━━ Dataset content
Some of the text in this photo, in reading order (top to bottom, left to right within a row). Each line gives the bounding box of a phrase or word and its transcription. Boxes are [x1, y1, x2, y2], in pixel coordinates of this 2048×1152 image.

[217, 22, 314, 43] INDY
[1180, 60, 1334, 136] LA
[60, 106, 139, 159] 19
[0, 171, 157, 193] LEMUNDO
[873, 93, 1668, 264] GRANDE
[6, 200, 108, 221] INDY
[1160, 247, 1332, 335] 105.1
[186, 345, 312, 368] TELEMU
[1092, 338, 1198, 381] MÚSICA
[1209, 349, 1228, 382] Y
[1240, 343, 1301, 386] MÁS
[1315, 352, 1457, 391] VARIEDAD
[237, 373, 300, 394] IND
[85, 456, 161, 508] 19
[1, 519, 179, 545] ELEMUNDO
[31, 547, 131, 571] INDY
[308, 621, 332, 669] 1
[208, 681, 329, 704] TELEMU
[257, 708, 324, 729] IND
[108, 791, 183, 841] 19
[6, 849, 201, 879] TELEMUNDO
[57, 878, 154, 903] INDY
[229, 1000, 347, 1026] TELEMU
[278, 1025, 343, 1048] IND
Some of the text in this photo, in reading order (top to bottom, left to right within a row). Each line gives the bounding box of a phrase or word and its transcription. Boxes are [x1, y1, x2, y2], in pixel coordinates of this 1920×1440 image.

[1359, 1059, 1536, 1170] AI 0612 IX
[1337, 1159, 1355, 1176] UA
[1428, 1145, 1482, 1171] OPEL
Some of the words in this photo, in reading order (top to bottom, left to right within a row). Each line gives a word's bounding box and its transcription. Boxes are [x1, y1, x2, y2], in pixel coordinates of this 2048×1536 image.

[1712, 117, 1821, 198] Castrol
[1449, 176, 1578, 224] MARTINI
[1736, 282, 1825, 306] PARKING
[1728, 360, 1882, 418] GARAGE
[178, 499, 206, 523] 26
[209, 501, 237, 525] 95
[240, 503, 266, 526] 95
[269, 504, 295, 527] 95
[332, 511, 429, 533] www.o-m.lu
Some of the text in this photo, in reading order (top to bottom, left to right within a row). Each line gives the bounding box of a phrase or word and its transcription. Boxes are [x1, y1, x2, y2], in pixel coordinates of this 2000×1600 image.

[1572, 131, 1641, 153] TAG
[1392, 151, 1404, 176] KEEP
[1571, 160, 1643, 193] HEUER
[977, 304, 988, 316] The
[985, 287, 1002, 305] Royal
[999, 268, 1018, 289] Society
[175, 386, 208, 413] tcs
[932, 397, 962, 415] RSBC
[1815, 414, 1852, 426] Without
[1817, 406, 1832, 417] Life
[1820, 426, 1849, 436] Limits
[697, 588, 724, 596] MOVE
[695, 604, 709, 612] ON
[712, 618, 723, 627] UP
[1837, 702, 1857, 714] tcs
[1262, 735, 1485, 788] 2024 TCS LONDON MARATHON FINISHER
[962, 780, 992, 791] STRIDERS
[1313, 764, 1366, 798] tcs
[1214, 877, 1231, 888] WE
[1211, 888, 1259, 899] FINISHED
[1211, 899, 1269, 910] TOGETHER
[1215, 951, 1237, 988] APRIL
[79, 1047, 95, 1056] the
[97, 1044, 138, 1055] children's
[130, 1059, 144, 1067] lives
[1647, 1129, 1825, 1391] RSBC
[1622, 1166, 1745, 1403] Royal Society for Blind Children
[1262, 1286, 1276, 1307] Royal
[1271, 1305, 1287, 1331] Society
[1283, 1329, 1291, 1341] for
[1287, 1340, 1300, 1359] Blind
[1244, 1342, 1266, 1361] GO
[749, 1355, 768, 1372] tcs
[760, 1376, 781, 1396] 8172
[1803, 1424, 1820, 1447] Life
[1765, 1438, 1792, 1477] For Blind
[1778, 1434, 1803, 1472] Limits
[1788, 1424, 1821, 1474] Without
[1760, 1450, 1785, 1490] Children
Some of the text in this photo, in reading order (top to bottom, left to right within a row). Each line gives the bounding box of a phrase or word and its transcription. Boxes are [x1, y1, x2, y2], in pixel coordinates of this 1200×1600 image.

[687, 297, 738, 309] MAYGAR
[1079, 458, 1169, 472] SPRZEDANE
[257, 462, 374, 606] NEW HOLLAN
━━━━
Exercise directions
Output these and nothing else: the lines from the one holding "this 2000×1600 image." through the final line of the entries above, exactly as they appear.

Exercise solution
Some of the text in this photo, in reading order (top to bottom, left to right within a row). Each line gives the bounding box of a phrase or word and its transcription. Boxes are [x1, y1, x2, y2], in pixel coordinates of this 2000×1600 image.

[1572, 131, 1641, 153] TAG
[1392, 151, 1404, 176] KEEP
[1571, 160, 1643, 193] HEUER
[977, 304, 988, 316] The
[985, 287, 1002, 305] Royal
[999, 268, 1018, 289] Society
[175, 386, 208, 413] tcs
[932, 397, 962, 415] RSBC
[1815, 414, 1852, 426] Without
[1817, 406, 1832, 417] Life
[1820, 426, 1849, 436] Limits
[697, 588, 724, 596] MOVE
[695, 604, 709, 612] ON
[712, 618, 723, 627] UP
[1837, 702, 1857, 714] tcs
[1262, 735, 1485, 788] 2024 TCS LONDON MARATHON FINISHER
[962, 780, 992, 791] STRIDERS
[1313, 764, 1366, 798] tcs
[1214, 877, 1231, 888] WE
[1211, 888, 1259, 899] FINISHED
[1211, 899, 1269, 910] TOGETHER
[1215, 951, 1237, 988] APRIL
[79, 1047, 95, 1056] the
[97, 1044, 138, 1055] children's
[130, 1059, 144, 1067] lives
[1647, 1129, 1825, 1391] RSBC
[1622, 1166, 1745, 1403] Royal Society for Blind Children
[1262, 1286, 1276, 1307] Royal
[1271, 1305, 1287, 1331] Society
[1283, 1329, 1291, 1341] for
[1287, 1340, 1300, 1359] Blind
[1244, 1342, 1266, 1361] GO
[749, 1355, 768, 1372] tcs
[760, 1376, 781, 1396] 8172
[1803, 1424, 1820, 1447] Life
[1765, 1438, 1792, 1477] For Blind
[1778, 1434, 1803, 1472] Limits
[1788, 1424, 1821, 1474] Without
[1760, 1450, 1785, 1490] Children
Some of the text in this photo, in reading order (top to bottom, left to right within a row). Each line gives the bounding box of a phrase or word and its transcription. Boxes are [x1, y1, x2, y2], in pixel coordinates of this 1200×1600 image.

[687, 297, 738, 309] MAYGAR
[1079, 458, 1169, 472] SPRZEDANE
[257, 462, 374, 606] NEW HOLLAN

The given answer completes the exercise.